La red y la roca
Thomas Wolfe
Traducción de Alberto
Moyano Muñoz
Piel de Zapa
Vilassar de Dalt, 2022
597 páginas
¿En qué momento el héroe
se convierte en un trapo? ¿O un trapo seduce como si fuera un héroe? Tal vez
sea imposible hablar de uno mismo, o de uno a través de la figuración de otro,
haciendo de ello un tema universal, pero es inevitable pensar que todos
sentimos lo mismo. Este esfuerzo, el de explicar al héroe y al trapo, y los
vaivenes emocionales y psicológicos que nos llevan de uno a otro, se encuentra
en los cimientos de La red y la roca, la primera novela póstuma de
Thomas Wolfe (Carolina del Norte, 1900 – Baltimore, 1938). Meter todo el mundo de
las sensaciones, de las emociones y de los sentimientos, a través de las limitaciones
del lenguaje, dentro de un protagonista, es un esfuerzo que vuelve a darle a la
obra de Wolfe ese tono oracular que tanto hipnotiza. El estilo, lo reconocemos
en todo momento, es barroco, está lleno de un ritmo muy magnético y traduce una
obsesión. No se puede reprochar nada a la traducción de Alberto Moyano Muñoz.
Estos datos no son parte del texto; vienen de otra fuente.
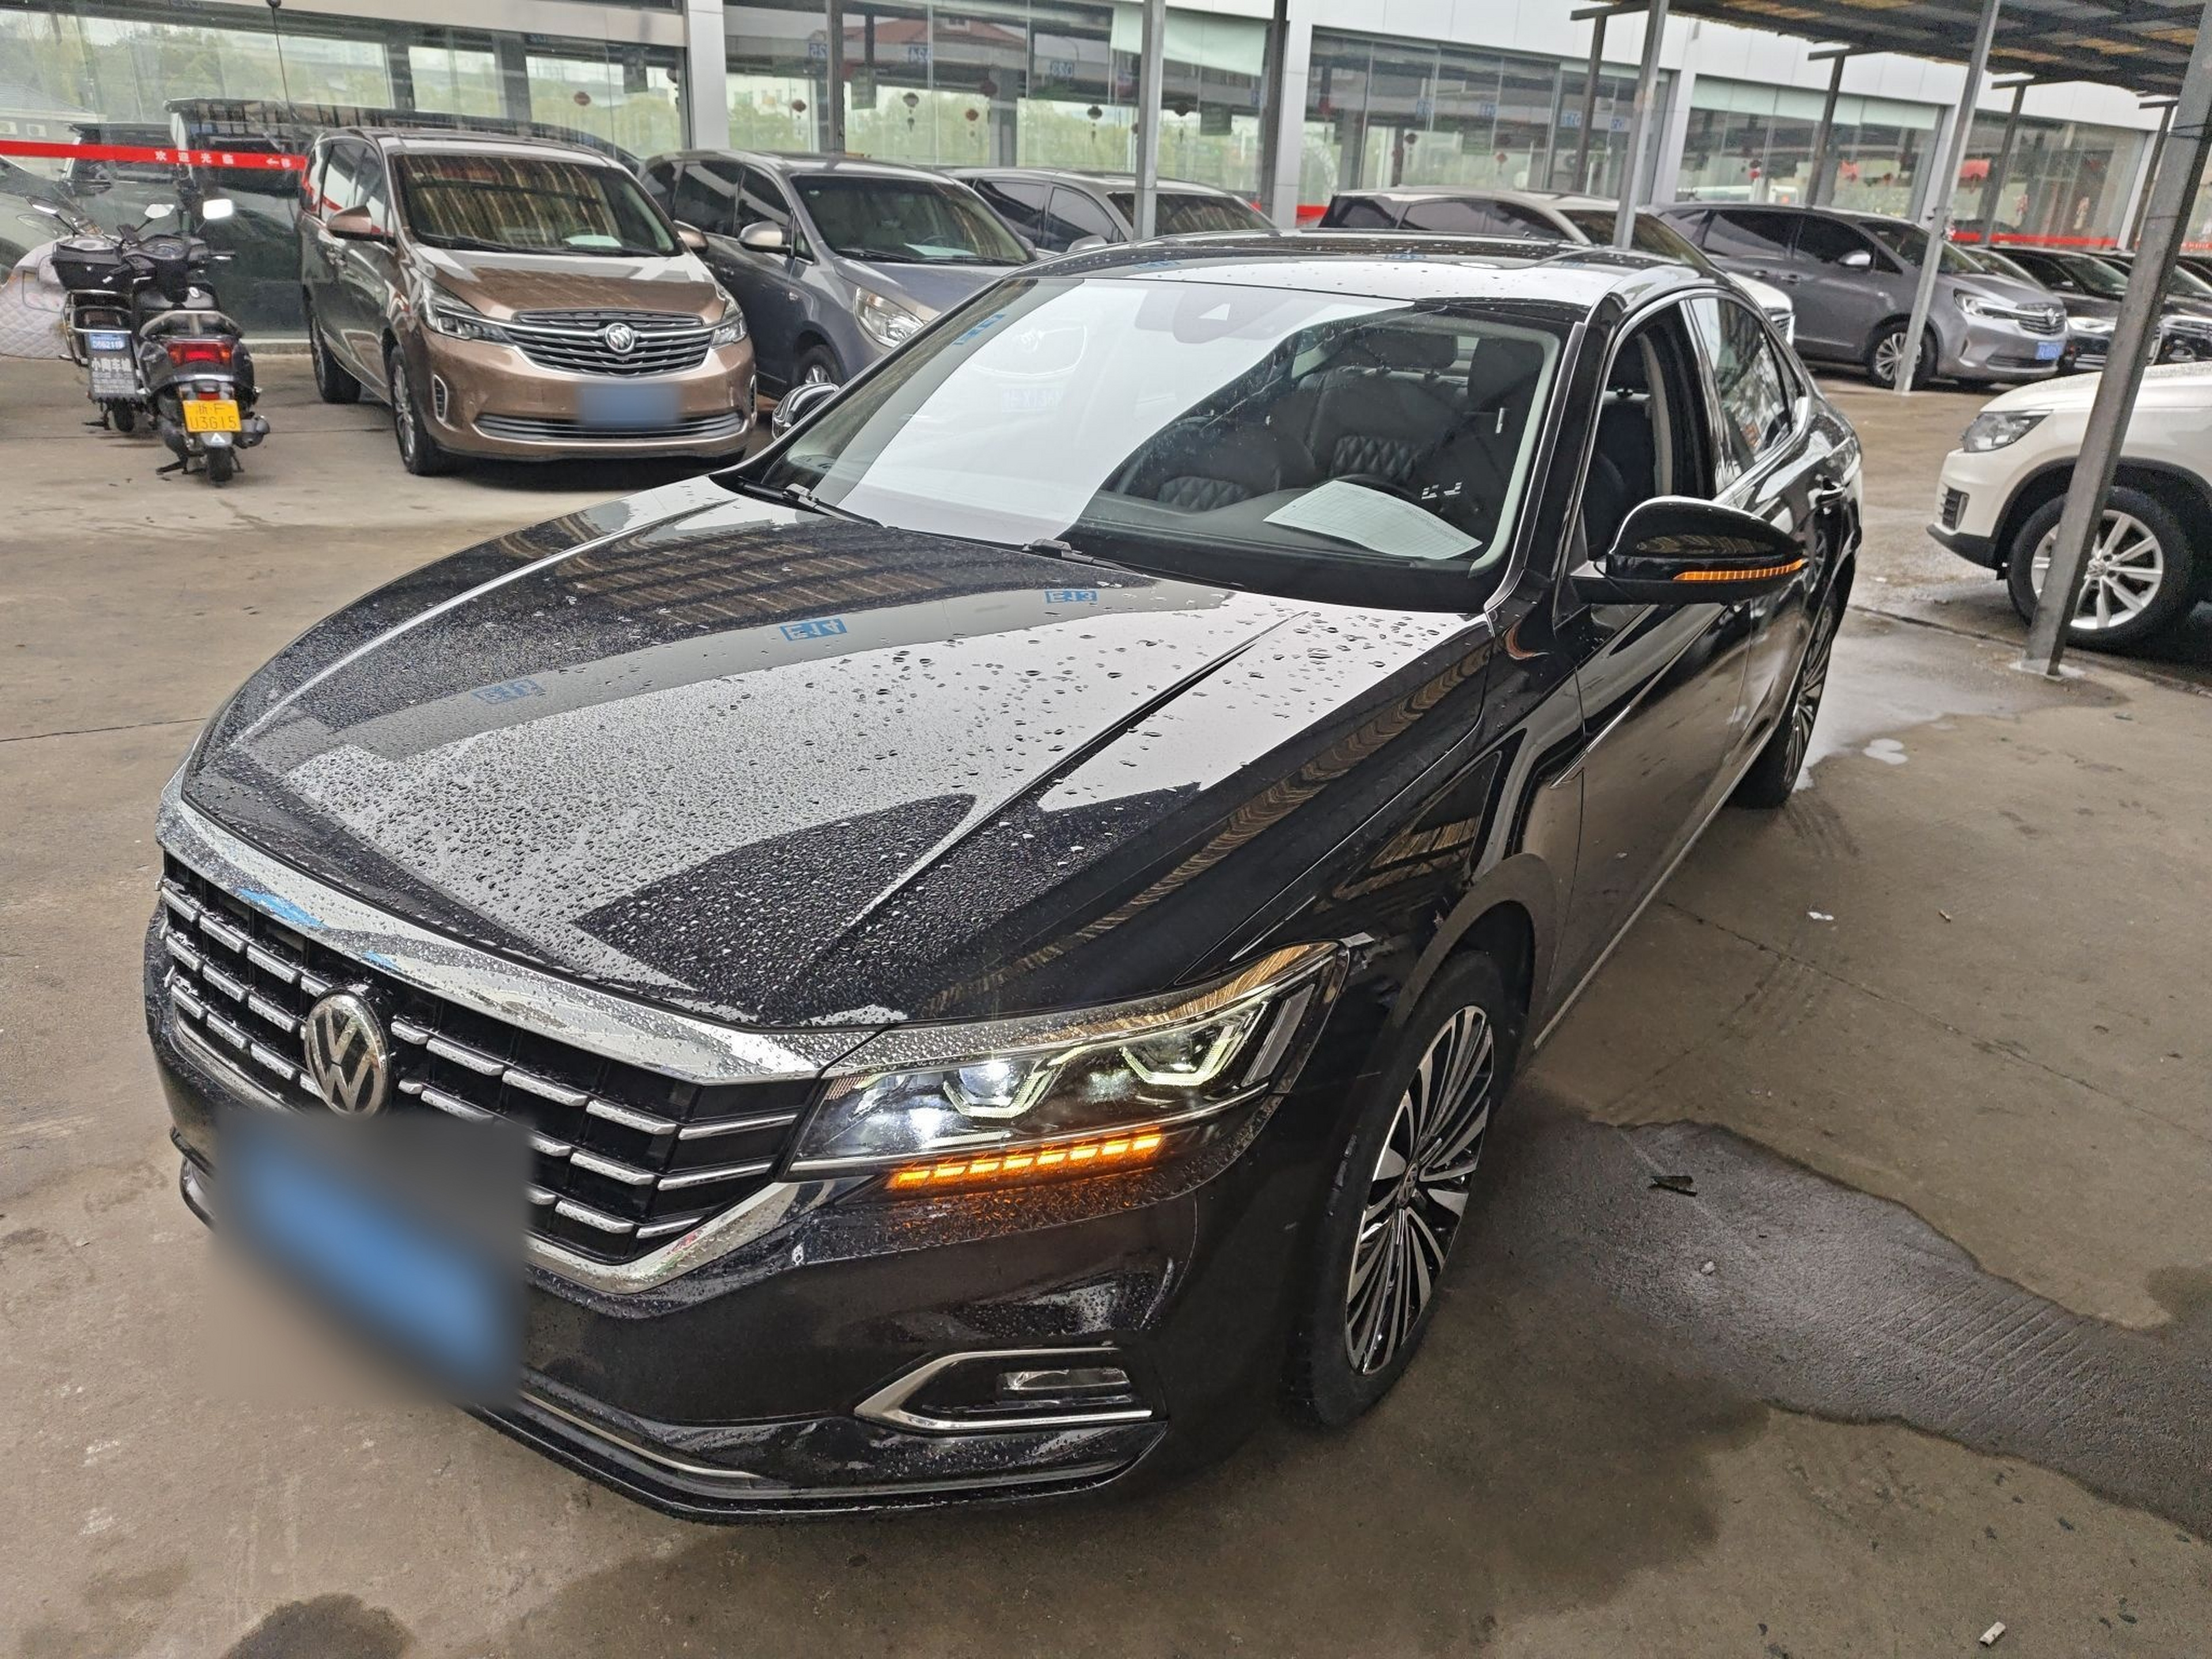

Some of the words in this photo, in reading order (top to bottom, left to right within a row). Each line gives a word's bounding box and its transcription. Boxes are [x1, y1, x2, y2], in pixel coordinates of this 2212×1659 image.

[155, 150, 235, 165] 欢迎光临
[190, 416, 237, 430] U3G15
[308, 997, 388, 1114] VW
La repetición y la acumulación de adjetivos forman un conjunto en función de la
pesadilla de representar la condición humana. Una pesadilla que en ocasiones,
muy pocas, pasa a ser sueño. Se nos habla de la dificultad de vivir a partir de
aquella frase que Paul Valéry señalaba como la maldición de los novelistas: la
marquesa salió a las cinco.
La red y la roca está llena de marquesas saliendo a
las cinco, de frases que serían así de sencillas de no ser porque caen en manos
de un orfebre. Y se trata de un orfebre que escruta hacia el interior. Wolfe
también apuesta fuerte en la suma de aciertos. Todos sabemos que un acierto más
un acierto suele ser igual a un fallo, pero en este caso la suma de aciertos es
imparable. De ahí que se exprese siempre con la misma intensidad, tanto cuando
el protagonista se asoma a la ventana como cuando nos habla de morir o asistir
a una muerte. En este sentido, Wolfe es solícito y brutal, y conviene regresar
a él para saber de dónde vienen tantos escritores que nos han apabullado verbalmente.
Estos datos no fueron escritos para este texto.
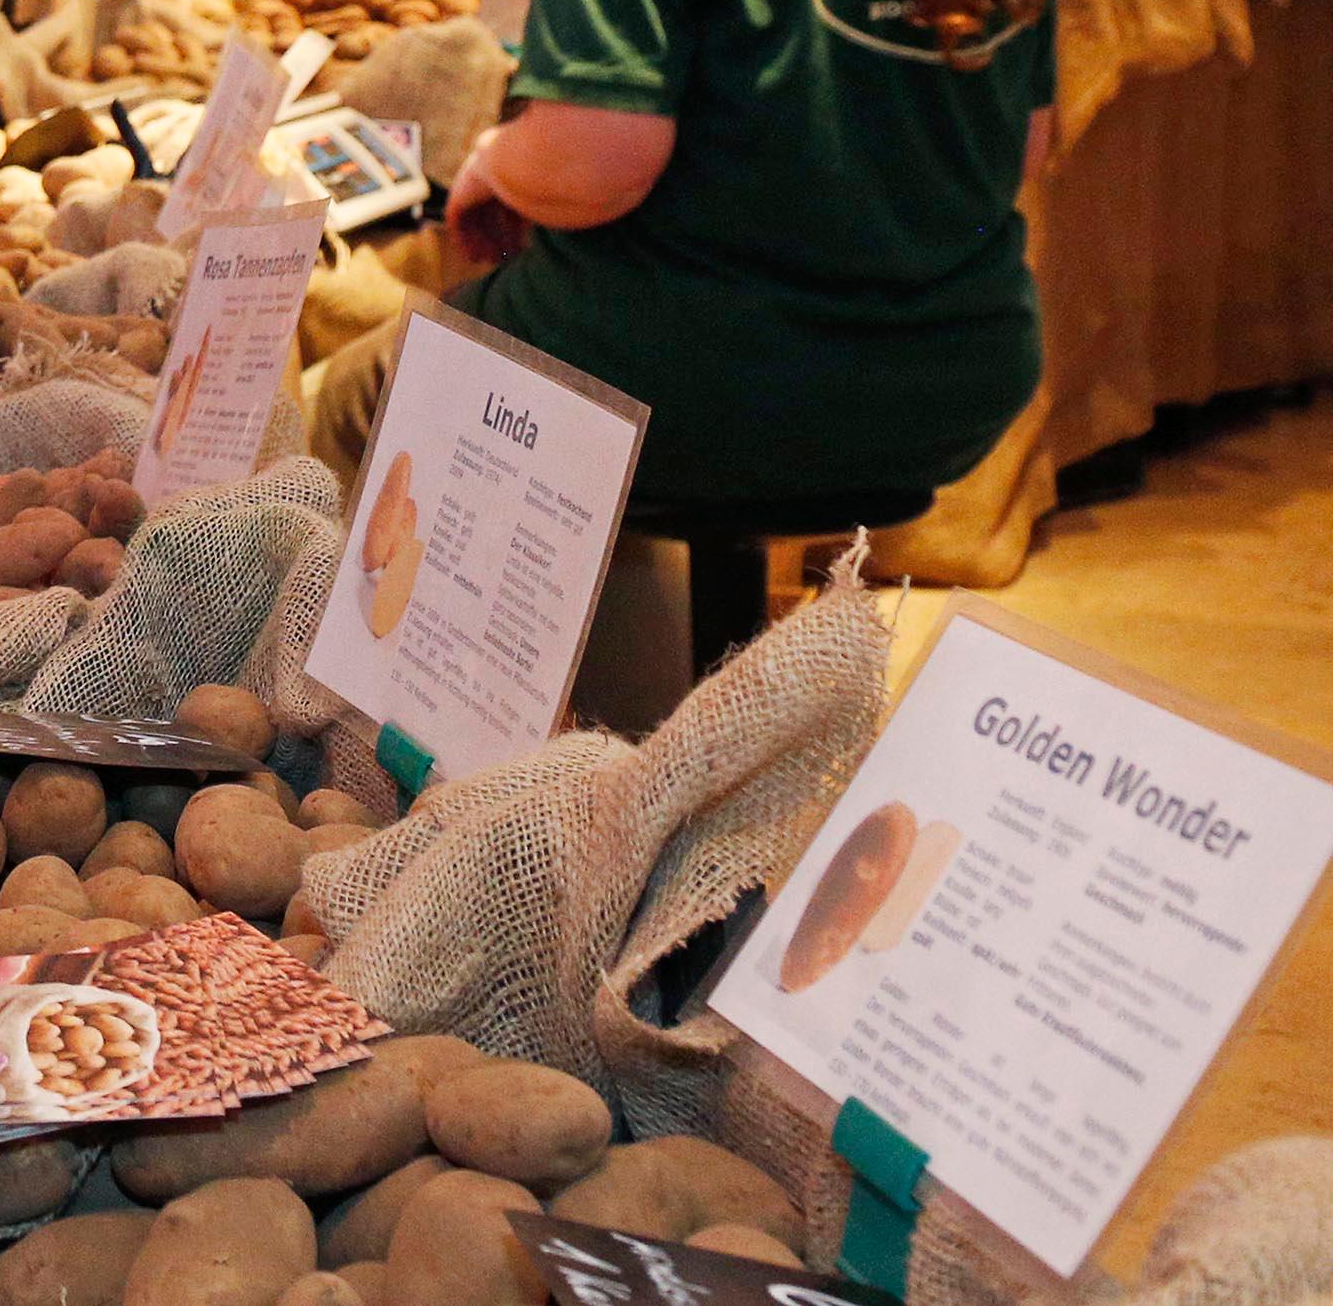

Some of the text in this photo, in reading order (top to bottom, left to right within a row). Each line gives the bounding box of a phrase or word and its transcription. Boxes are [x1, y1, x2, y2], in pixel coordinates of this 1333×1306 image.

[482, 391, 539, 451] Linda
[973, 695, 1096, 786] Golden
[1102, 756, 1252, 860] Wonder
Y no siempre con tanto sentido como el que tiene Wolfe, cuyo instinto literario
vuelve a representarnos la vida de un muchacho, un alter ego, con todas
las dificultades de crecer, de aprender, de salir adelante, puestas sobre el
tapete.
Volvemos a sorprendernos
cuando se nos habla de lo feo que es vivir, pero que esa fealdad no deja de
poseer un imparable atractivo, el que comparte con el pecado y con la
estupidez. Todo con una trama elaborada sin complicaciones, en la que los
acontecimientos se suceden, en la que los descubrimientos tienen lugar paso a
paso. “El resultado era que la historia parecía emerger de una marea oscura y
turbulenta de emociones”, comenta sobre la lectura de Crimen y castigo. Y
cabe preguntarse si esa no es la misma intención que pone él sobre su obra. Aunque
en este caso, esa marea oscura y turbulenta no tiene que ver con un asesinato,
lo cual empaña más la resolución moral del escrutinio del alma a que nos somete.
Este sometimiento, al que
el lector se entrega con un deleite que le ayuda a recuperar el gusto por la
gran literatura, tiene por referentes lo cercano, lo propio de las provincias
donde vivió Wolfe, cierto solipsismo. Pero aparecen referentes culturales mucho
más universales con frecuencia: mitos, leyendas, religión, literatura. En
realidad, Wolfe recurre a todo lo que de verdad sabe que conoce. Y todo ello se
refiere a una concepción de la vida como lucha. En esa lucha, nuestro personaje
central se muestra hipersensible, es alguien que busca llenar lo irrellenable.
Es imposible huir en un mundo en el que es imposible evitar que la gente no
deje de entrar y salir en la vida propia. De ahí esa angustia que se supera gracias
a la intriga de la conciencia, del exceso de conciencia, con que Wolfe trata a
sus textos.
«Las palabras salen de él a borbotones, como lanzas de pensamiento arrojadas por el aire, proyectiles descontrolados de ideas, de ambiciones y sentimientos. Si hubiera hablado diez idiomas no habría sido capaz de pronunciarlo todo, y aun así arremetían y espumeaban y cargaban en el umbral de su lengua, y a pesar de ello no lograba expresar ni una milésima parte de lo que deseaba. En la superficie de ese tremendo flujo de ideas, él mismo era arrastrado como un trozo de madera, girando y naufragando, indefenso en medio de su propio torbellino desbordado. Al ver que todos los medios de los que disponía eran insuficientes, como alguien que vierte aceite sobre un incendio descontrolado, pedía una bebida tras otra y se las bebía de un trago.»